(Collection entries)
━━━━━━━━━━

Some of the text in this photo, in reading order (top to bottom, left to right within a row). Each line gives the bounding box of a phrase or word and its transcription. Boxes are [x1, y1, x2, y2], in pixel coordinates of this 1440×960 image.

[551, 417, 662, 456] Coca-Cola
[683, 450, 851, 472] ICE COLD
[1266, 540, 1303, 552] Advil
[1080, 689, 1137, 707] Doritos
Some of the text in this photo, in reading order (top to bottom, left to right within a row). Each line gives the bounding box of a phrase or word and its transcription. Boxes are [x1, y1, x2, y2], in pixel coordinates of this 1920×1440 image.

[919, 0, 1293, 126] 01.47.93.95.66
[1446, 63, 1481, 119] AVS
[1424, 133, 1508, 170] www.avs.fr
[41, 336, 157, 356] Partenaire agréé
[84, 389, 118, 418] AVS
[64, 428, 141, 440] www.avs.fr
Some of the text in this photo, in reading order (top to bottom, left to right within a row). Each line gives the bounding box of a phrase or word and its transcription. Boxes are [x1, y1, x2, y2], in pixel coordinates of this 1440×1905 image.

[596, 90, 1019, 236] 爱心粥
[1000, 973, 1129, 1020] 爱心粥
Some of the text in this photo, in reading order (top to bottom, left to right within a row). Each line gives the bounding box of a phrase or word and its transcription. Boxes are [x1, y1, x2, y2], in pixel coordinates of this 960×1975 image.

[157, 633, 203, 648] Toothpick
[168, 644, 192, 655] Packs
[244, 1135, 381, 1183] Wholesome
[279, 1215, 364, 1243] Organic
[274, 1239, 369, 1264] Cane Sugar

━━━━━━━━━━

WORK ORDER:
Make a verbatim copy of each record.

YOUR SOLUTION:
Some of the text in this photo, in reading order (top to bottom, left to right within a row). Each line gives the bounding box of a phrase or word and its transcription. Boxes are [x1, y1, x2, y2], in pixel coordinates of this 1440×960 image.

[551, 417, 662, 456] Coca-Cola
[683, 450, 851, 472] ICE COLD
[1266, 540, 1303, 552] Advil
[1080, 689, 1137, 707] Doritos
Some of the text in this photo, in reading order (top to bottom, left to right within a row). Each line gives the bounding box of a phrase or word and its transcription. Boxes are [x1, y1, x2, y2], in pixel coordinates of this 1920×1440 image.

[919, 0, 1293, 126] 01.47.93.95.66
[1446, 63, 1481, 119] AVS
[1424, 133, 1508, 170] www.avs.fr
[41, 336, 157, 356] Partenaire agréé
[84, 389, 118, 418] AVS
[64, 428, 141, 440] www.avs.fr
Some of the text in this photo, in reading order (top to bottom, left to right within a row). Each line gives the bounding box of a phrase or word and its transcription. Boxes are [x1, y1, x2, y2], in pixel coordinates of this 1440×1905 image.

[596, 90, 1019, 236] 爱心粥
[1000, 973, 1129, 1020] 爱心粥
Some of the text in this photo, in reading order (top to bottom, left to right within a row). Each line gives the bounding box of a phrase or word and its transcription. Boxes are [x1, y1, x2, y2], in pixel coordinates of this 960×1975 image.

[157, 633, 203, 648] Toothpick
[168, 644, 192, 655] Packs
[244, 1135, 381, 1183] Wholesome
[279, 1215, 364, 1243] Organic
[274, 1239, 369, 1264] Cane Sugar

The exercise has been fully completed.